The Maine Historic Rehabilitation Tax Credit Is Focus Of MEREDA Breakfast Seminar
 
Maine Real Estate & Development Association (MEREDA) Hosts Breakfast Seminar, titled "The Maine Historic Rehabilitation Tax Credit: A Re-Invigorated Tool" on June 24, 2008.

Sponsored by: Norway Savings Bank & Drummond Woodsum & MacMahon

In 2006, The Brookings Report, "Charting Maine’s Future", recommended that "Maine should...enhance the state’s underutilized state historic preservation tax credit to make it a better tool for encouraging reinvestment and rehab in traditional towns and downtowns."

The Maine Legislature responded this year by significantly expanding the credit to provide a Maine state credit equal to 25 percent of qualified rehabilitation expenditures. Projects that involve a substantial affordable housing component receive a credit at a 30 percent rate. The Federal credit adds an additional 20 percent of qualified rehabilitation expenditures. The combined credits provide a powerful financial resource for the preservation of Maine’s historic buildings and for downtown redevelopment.

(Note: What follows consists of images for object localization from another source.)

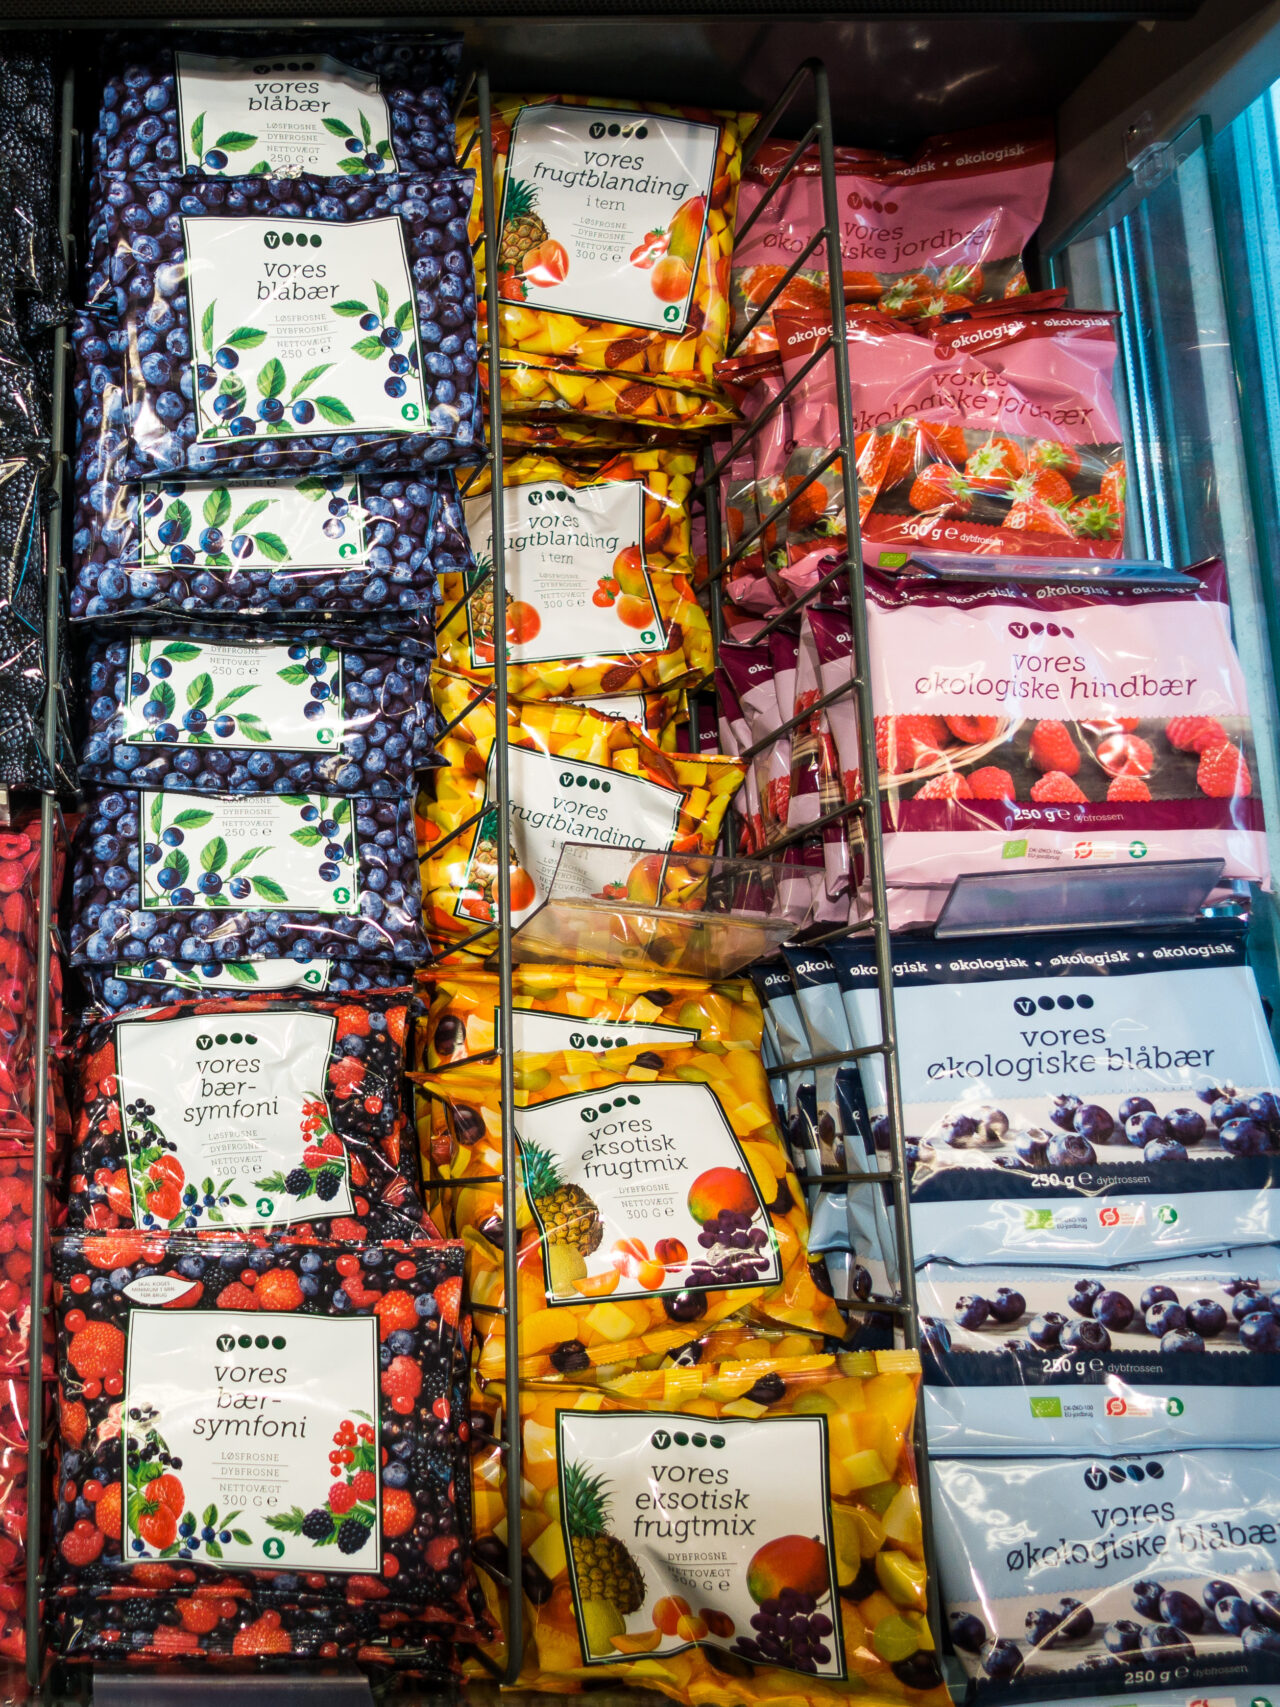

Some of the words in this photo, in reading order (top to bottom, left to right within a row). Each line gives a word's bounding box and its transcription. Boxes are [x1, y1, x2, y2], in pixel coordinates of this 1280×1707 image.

[254, 81, 320, 94] vores
[248, 95, 330, 113] blåbær
[266, 122, 318, 131] LØSFROSNE
[266, 145, 321, 154] NETTOVÆGT
[270, 154, 291, 163] 250
[955, 144, 1027, 167] økologisk
[584, 150, 644, 171] vores
[533, 162, 690, 201] frugtblanding
[595, 195, 625, 211] tern
[843, 221, 904, 240] vores
[575, 249, 596, 261] 300
[762, 231, 888, 262] økoloiske
[263, 262, 327, 279] vores
[786, 316, 860, 346] økologsk
[951, 320, 1026, 348] økologisk
[1043, 316, 1111, 328] økologisk
[281, 349, 303, 359] 250
[528, 514, 579, 529] vores
[899, 522, 927, 537] 300
[931, 528, 941, 540] g
[486, 531, 619, 554] fugtblanding
[1035, 584, 1112, 600] økologisk
[543, 599, 563, 609] 300
[211, 666, 232, 676] 250
[1012, 653, 1087, 673] vores
[914, 672, 1061, 702] økologiske
[1069, 674, 1198, 701] hindbær
[552, 796, 609, 821] vores
[1013, 808, 1041, 821] 250
[1045, 810, 1056, 824] g
[224, 828, 246, 837] 250
[508, 799, 647, 851] frugtblanding
[949, 957, 1029, 972] økologisk
[1050, 950, 1131, 967] økologisk
[1152, 942, 1236, 960] økologisk
[1020, 1027, 1107, 1047] vores
[196, 1057, 261, 1075] vores
[926, 1050, 1097, 1081] økologiske
[1105, 1045, 1216, 1071] blåbær
[201, 1079, 257, 1097] bær-
[183, 1095, 279, 1127] symfoni
[589, 1117, 653, 1141] vores
[581, 1134, 677, 1162] eksotisk
[216, 1166, 238, 1177] 300
[583, 1153, 689, 1180] frugtmix
[1031, 1173, 1060, 1187] 250
[1063, 1175, 1075, 1190] g
[626, 1208, 650, 1220] 300
[214, 1365, 288, 1384] vores
[1042, 1357, 1072, 1373] 250
[1075, 1360, 1086, 1375] g
[1107, 1362, 1164, 1375] dybfrossen
[216, 1387, 282, 1410] bær-
[193, 1415, 307, 1440] symfoni
[221, 1451, 280, 1462] LØSFROSNE
[220, 1466, 280, 1478] DYBFROSNE
[651, 1465, 729, 1485] vores
[219, 1483, 282, 1493] NETTOVÆGT
[222, 1494, 248, 1507] 300
[634, 1488, 751, 1510] eksotisk
[1091, 1501, 1176, 1529] vores
[633, 1513, 757, 1543] frugtmix
[667, 1551, 728, 1562] DYBFROSNE
[1006, 1533, 1169, 1572] økologiske
[1124, 1669, 1156, 1686] 250
[1159, 1671, 1171, 1685] g
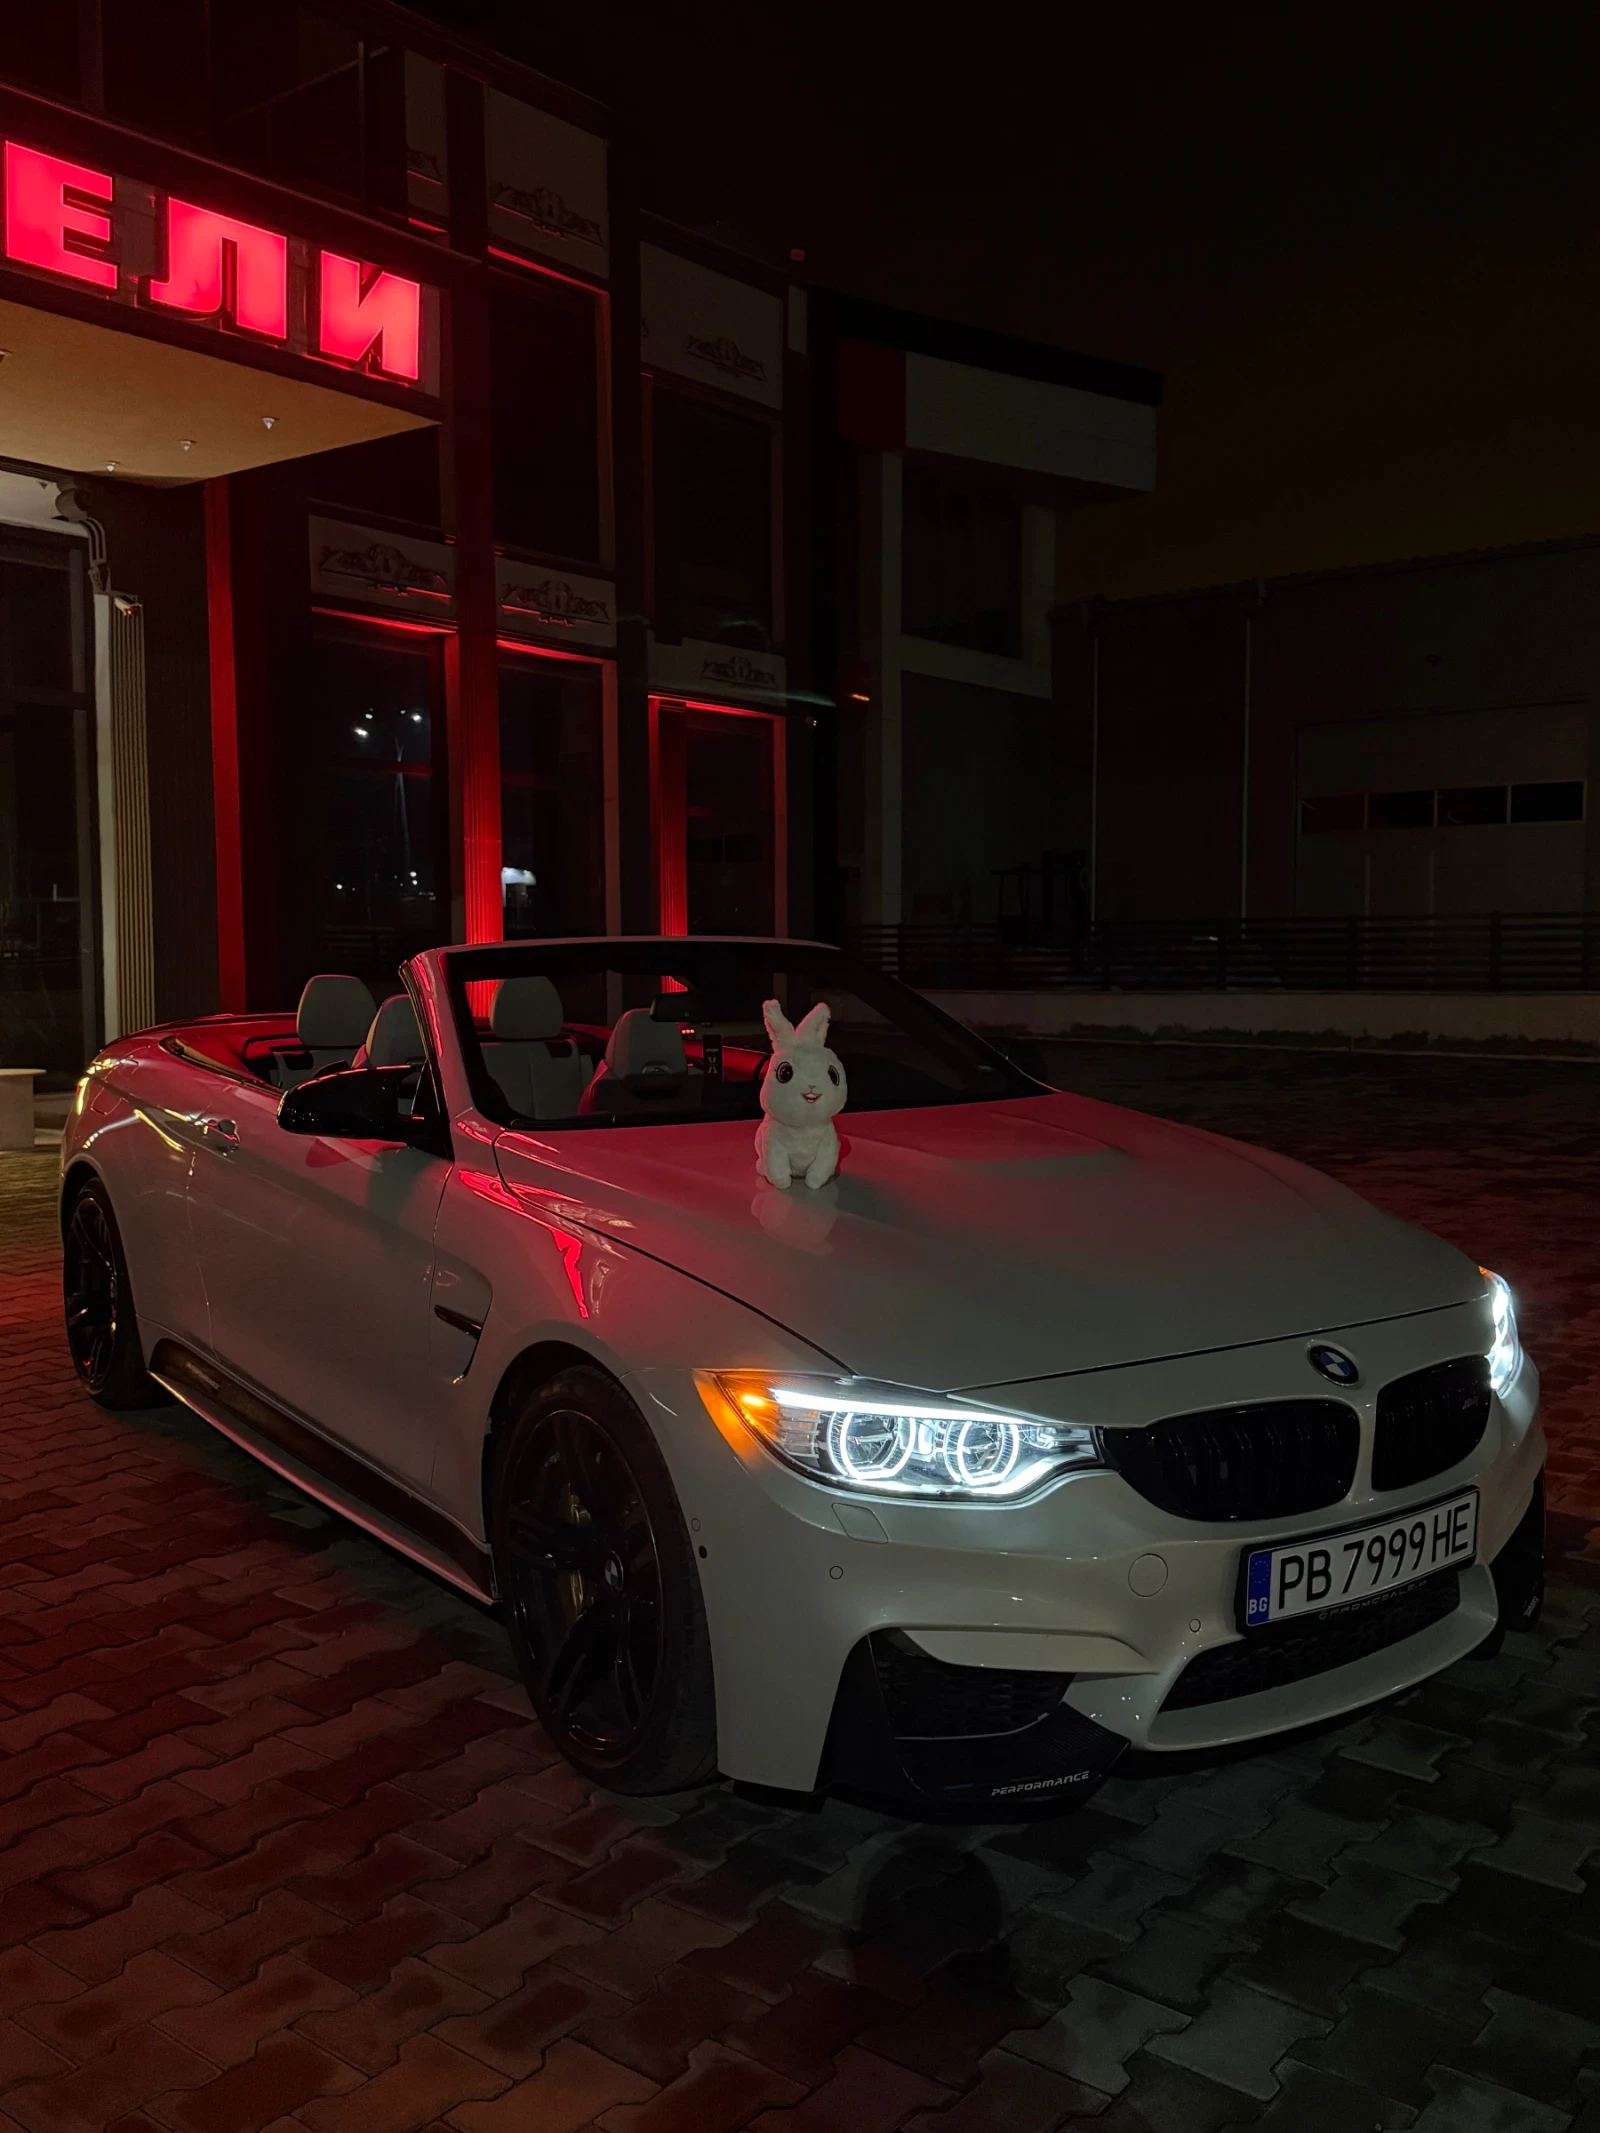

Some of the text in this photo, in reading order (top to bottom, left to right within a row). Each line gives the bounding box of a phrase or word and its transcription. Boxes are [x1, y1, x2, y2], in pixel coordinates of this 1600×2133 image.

[1278, 1502, 1470, 1609] PB 7999 HE
[1248, 1597, 1268, 1614] BG
[991, 1770, 1090, 1796] PERFORMANCE

Our panel (Amy Cole Ives, founder of Sutherland Conservation & Consulting in Hallowell, and John Kaminski and Gary Vogel, both attorneys at Drummond Woodsum & MacMahon in Portland) will discuss the legislative process to enact the expanded credit, the requirements and potential uses of the credit as a tool for historic preservation and development, the linkage of the increased credit to affordable housing and the impact that the credit is expected to have on historic preservation in Maine.